TRY IT: Where a picture appears, leave it out, and print the rest of the records as they are.

TASK INPUTS:
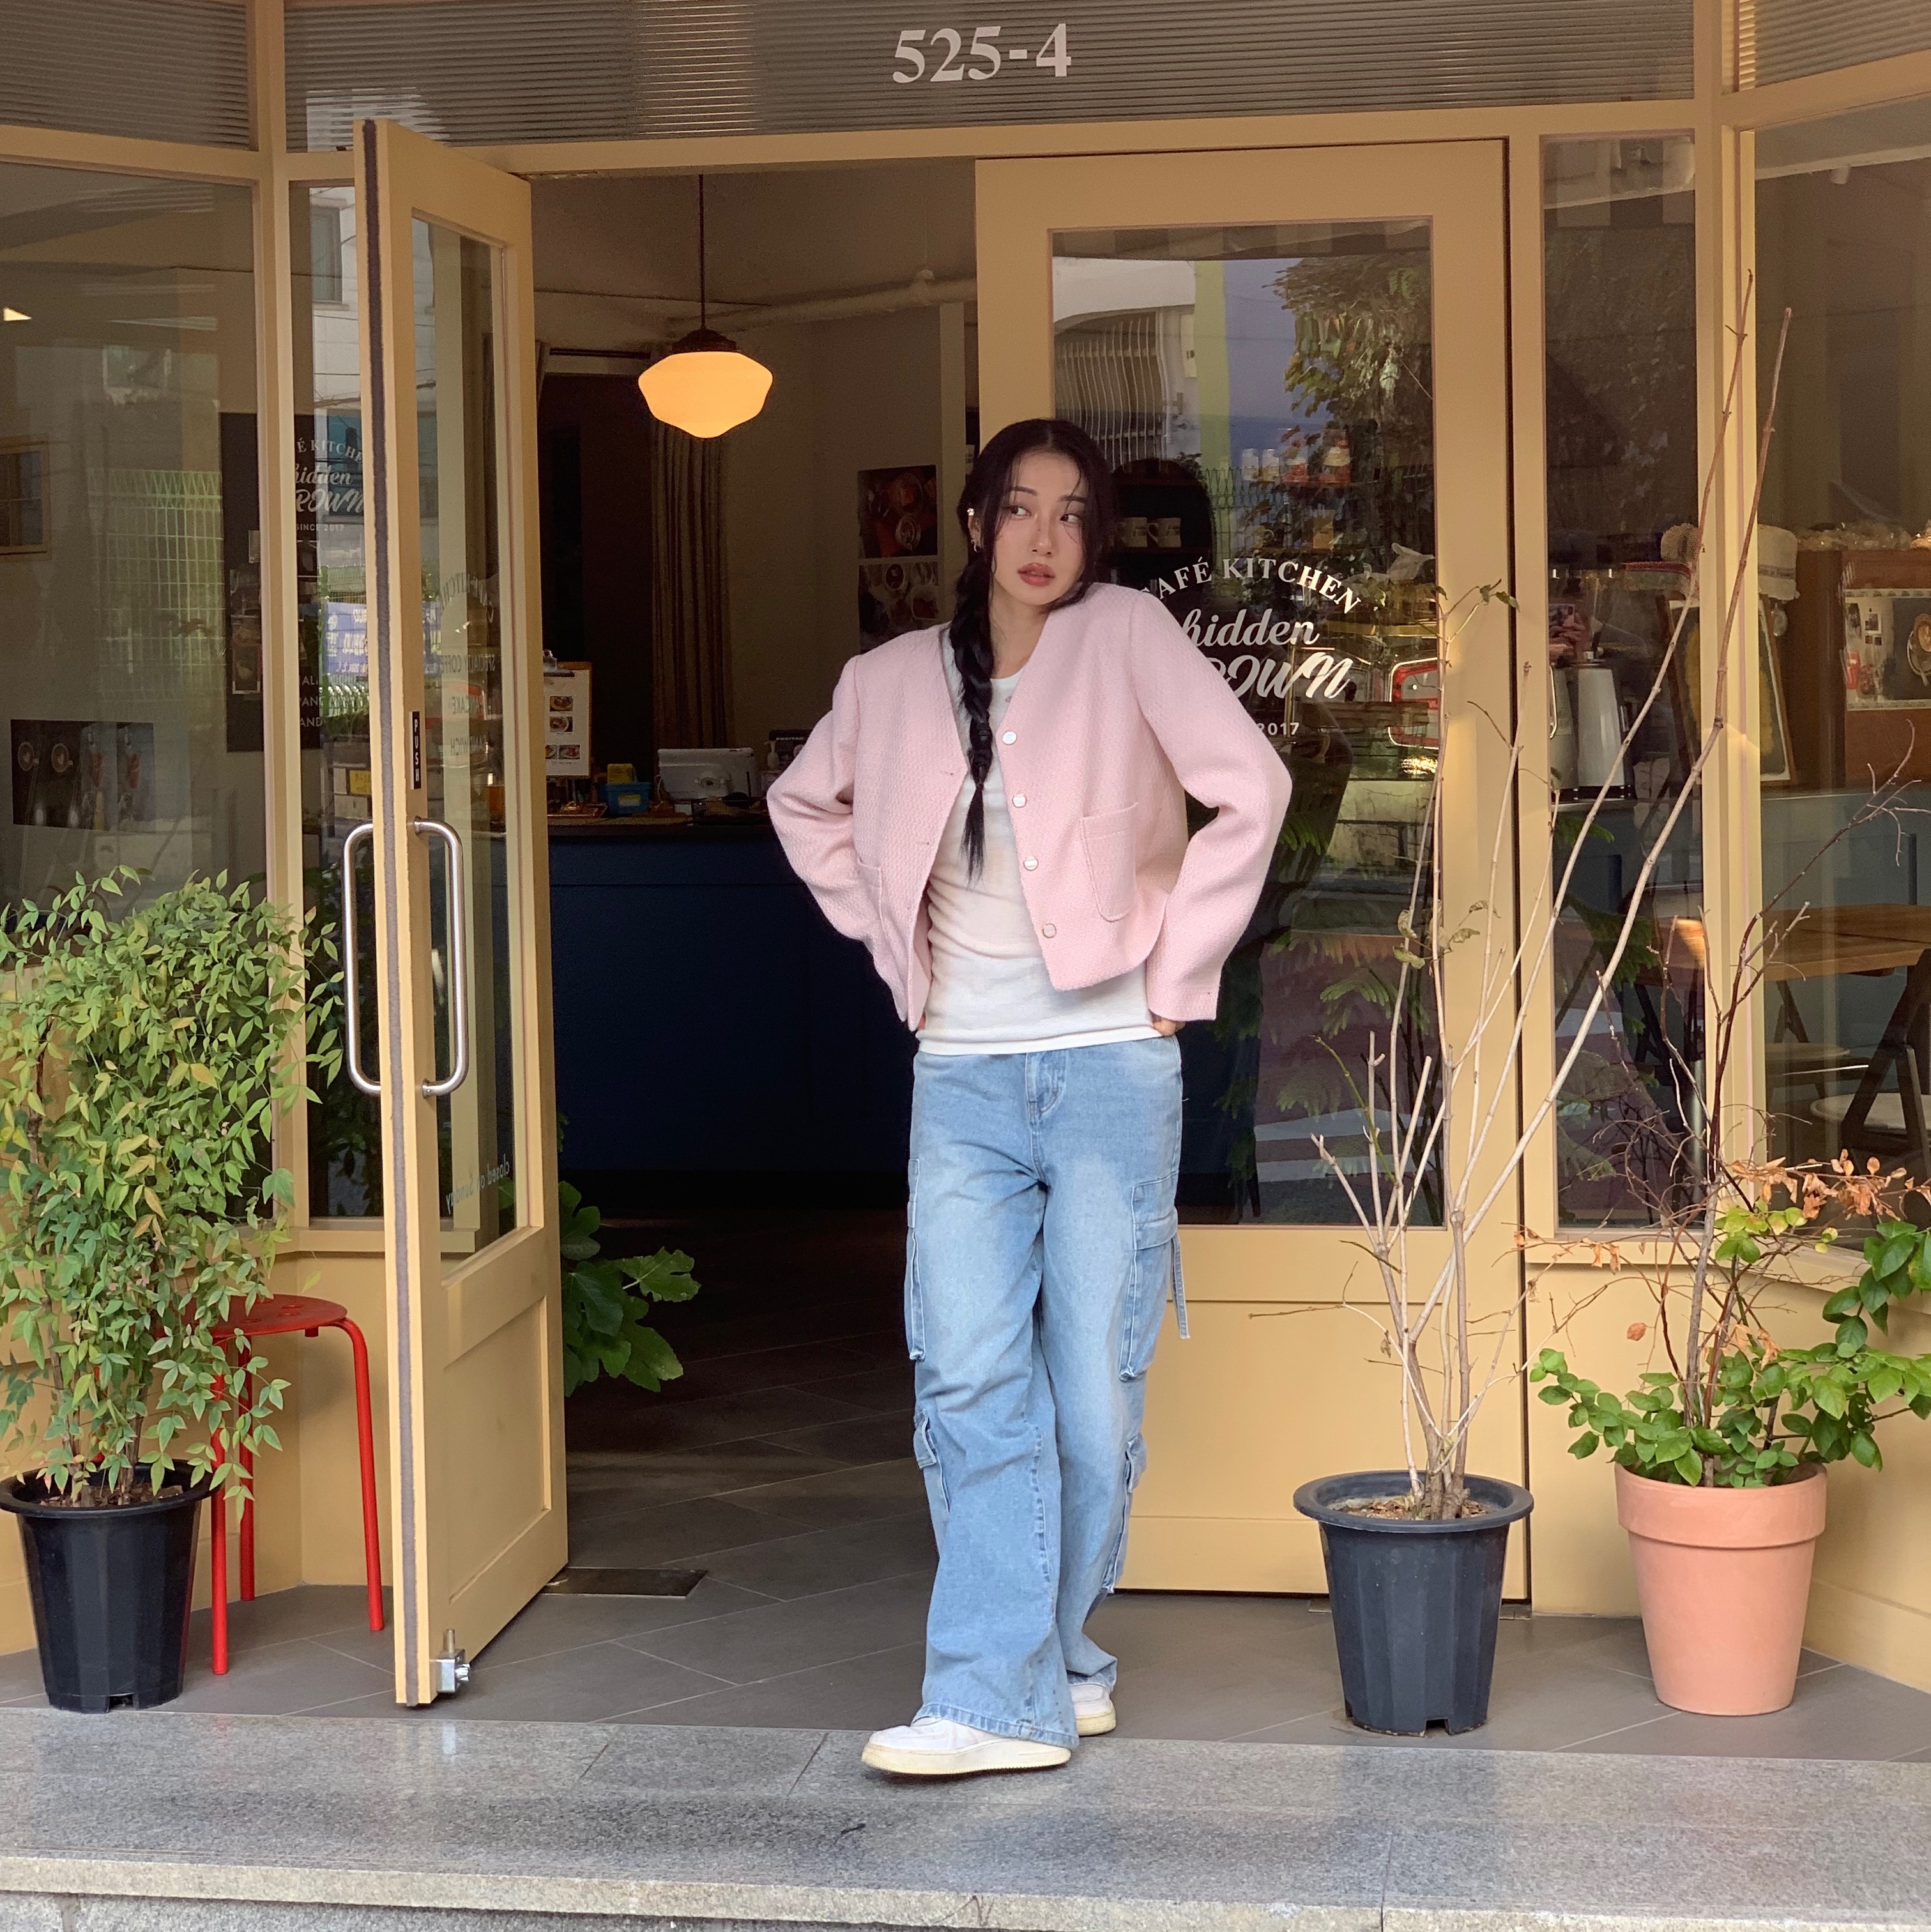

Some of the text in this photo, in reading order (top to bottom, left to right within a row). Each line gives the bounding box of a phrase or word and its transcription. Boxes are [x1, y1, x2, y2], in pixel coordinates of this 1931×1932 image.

[892, 23, 1072, 83] 525-4
[324, 523, 344, 531] 2017
[1140, 556, 1362, 614] AFÉ KITCHEN
[1182, 608, 1320, 646] hidden

SOLUTION TO THIS TASK:
Some of the text in this photo, in reading order (top to bottom, left to right within a row). Each line gives the bounding box of a phrase or word and its transcription. Boxes are [x1, y1, x2, y2], in pixel coordinates of this 1931×1932 image.

[892, 23, 1072, 83] 525-4
[324, 523, 344, 531] 2017
[1140, 556, 1362, 614] AFÉ KITCHEN
[1182, 608, 1320, 646] hidden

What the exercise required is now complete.